Alpha-adrenoreceptor-mediated phasic and tonic activity in rat portal vein in vitro.

Abstract

The effects of alpha 1- and alpha 2-adrenoreceptor agonists on phasic or tonic activity have been examined in rat portal vein in vitro. Noradrenaline (NA) and Phenylephrine (PE) increased phasic activity at low concentrations, these effects were superimposed on a sustained contracture at higher concentrations. The alpha 2-adrenoreceptor agonists UK 14304 or TL 99 increased extracellular electrical activity and associated mechanical phasic activity without inducing sustained contracture.

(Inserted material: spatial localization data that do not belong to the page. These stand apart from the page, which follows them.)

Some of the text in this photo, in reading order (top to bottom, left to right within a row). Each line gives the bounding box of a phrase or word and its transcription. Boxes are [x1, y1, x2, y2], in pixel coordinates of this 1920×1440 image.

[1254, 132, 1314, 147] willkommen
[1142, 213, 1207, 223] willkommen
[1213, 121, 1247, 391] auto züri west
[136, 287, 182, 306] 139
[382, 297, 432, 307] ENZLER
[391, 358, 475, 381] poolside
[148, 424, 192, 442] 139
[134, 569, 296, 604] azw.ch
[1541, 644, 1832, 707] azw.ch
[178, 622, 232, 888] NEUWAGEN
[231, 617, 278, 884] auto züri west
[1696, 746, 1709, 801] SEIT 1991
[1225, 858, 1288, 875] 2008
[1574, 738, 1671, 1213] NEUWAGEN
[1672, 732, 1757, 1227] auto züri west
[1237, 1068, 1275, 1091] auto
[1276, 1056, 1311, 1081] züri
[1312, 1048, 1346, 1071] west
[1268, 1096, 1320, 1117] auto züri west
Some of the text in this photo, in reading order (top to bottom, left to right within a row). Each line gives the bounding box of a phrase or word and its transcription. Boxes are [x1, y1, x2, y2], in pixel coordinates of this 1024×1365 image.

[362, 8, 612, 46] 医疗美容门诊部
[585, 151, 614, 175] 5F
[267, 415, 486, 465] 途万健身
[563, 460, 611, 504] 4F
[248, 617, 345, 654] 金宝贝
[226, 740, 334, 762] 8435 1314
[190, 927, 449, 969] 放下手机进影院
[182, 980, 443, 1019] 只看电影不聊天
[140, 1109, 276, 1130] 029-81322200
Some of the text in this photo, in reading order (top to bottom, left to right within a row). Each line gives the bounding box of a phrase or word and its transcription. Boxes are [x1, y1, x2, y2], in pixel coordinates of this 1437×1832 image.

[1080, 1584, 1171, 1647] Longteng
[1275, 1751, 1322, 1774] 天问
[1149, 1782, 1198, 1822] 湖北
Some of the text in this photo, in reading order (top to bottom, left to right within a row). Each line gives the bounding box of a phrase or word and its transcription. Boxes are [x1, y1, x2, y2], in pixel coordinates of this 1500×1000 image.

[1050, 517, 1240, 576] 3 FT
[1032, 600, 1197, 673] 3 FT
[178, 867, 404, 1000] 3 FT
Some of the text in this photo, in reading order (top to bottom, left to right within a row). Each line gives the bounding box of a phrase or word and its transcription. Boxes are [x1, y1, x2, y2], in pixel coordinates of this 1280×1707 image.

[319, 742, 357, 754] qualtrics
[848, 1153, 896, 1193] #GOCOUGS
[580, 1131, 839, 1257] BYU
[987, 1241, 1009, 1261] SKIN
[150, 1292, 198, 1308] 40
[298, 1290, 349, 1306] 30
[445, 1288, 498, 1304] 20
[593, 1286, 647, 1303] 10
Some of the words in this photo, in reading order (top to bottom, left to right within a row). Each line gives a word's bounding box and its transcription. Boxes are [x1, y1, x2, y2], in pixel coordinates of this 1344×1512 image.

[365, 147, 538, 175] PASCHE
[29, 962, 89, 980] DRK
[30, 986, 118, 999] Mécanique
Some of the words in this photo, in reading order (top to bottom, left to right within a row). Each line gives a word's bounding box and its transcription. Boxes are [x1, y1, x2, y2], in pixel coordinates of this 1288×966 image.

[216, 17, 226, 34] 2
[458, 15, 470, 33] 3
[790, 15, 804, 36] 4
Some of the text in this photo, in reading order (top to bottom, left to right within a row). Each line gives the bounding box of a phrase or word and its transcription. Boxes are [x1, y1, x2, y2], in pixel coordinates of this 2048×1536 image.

These alpha 2-adrenoreceptor mediated effects were particularly sensitive to changes in Ca2+ concentration. Prazosin was a potent, competitive antagonist of contracture to NA, or PE, but did not antagonise the phasic responses to NA, UK 14304 or TL 99, except at high concentrations. Prazosin was significantly less potent against PE-induced phasic responses than PE-induced contracture. The results suggest that alpha 1-adrenoreceptors are predominantly involved in contracture. Yohimbine was significantly more potent against UK 14304 or TL 99-induced phasic response than against PE-induced responses, however, phasic responses to NA were competitively antagonised only by combination of yohimbine and prazosin. It is concluded that postsynaptic alpha 2-adrenoreceptor mechanisms are involved in the phasic responses to selective alpha 2-adrenoreceptor agonists, and to NA in rat portal vein. The response of contracture is mediated through alpha 1-adrenoreceptors.